Anzac Day Reflections 2013
This Anzac Day I happened to be in Hampden while returning from a family tramp in the Abel Tasman. There didn't appear to be a dawn parade but I walked to the Hampden cenotaph anyway and contemplated the lists of lost soldiers from the Great Wars. There were almost twenty lost from this small seaside community in World War 1.
This was the place where my maternal grandfather retired from farming. He had been a sergeant in WW1 and was gassed. I have a photo of him convalescing in England. My grandfather is lying in a wheeled bed and is surrounded by wounded soldiers, some holding crutches. I have seen many monuments from communities the size of Hampden (or smaller) and realize that my grandfather was actually one of the lucky ones.
While war is terrible, and causes great grief for many families, there are some positive elements to having to endure great adversity.
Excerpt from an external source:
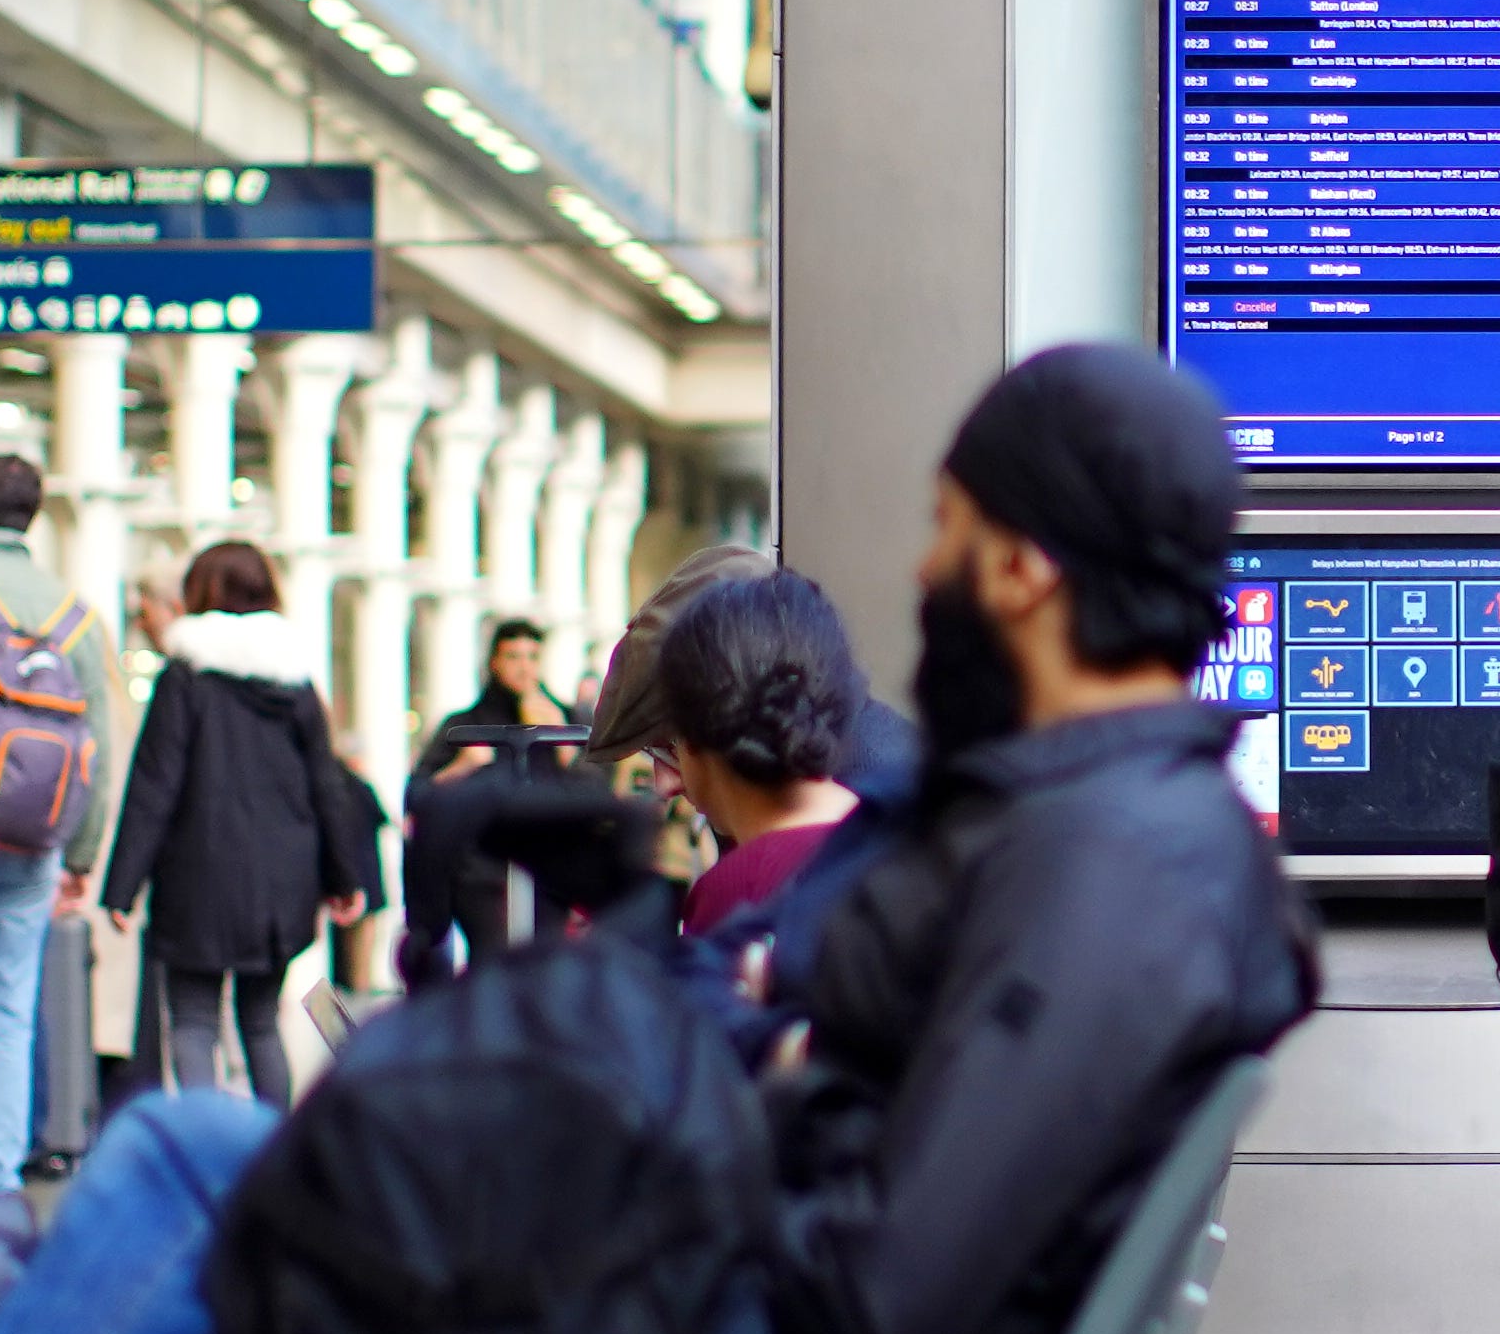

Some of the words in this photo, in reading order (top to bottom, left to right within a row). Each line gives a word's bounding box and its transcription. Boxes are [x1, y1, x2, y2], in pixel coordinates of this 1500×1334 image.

Women in both wars had to take on what were traditionally male roles and this helped bring about greater equality and generally raised male understandings of what women could do. Although there is still some way to go, and there continues to be inequality in how we regard jobs dominated by women, the wars did break down barriers that had constrained them in the past.
Wars also brought communities together for a single cause and to share grief. This has also occurred in Christchurch during the earthquakes when neighbours began to lookout for each other and communities rallied in a way not experienced before.
Sadly it also took the Second World War to bring Maori and Pakeha closer after Maori had suffered many years of persecution and the denial of basic rights in their own country. The Maori Battalion brought new respect for Maori even though they had proven to be extremely clever fighters during the land wars. Monty Soutar describes the huge cost that Maori had to pay to gain citizenship in his book about C Company.
It is unfortunate that it takes such terrible events to cause us to better value each other.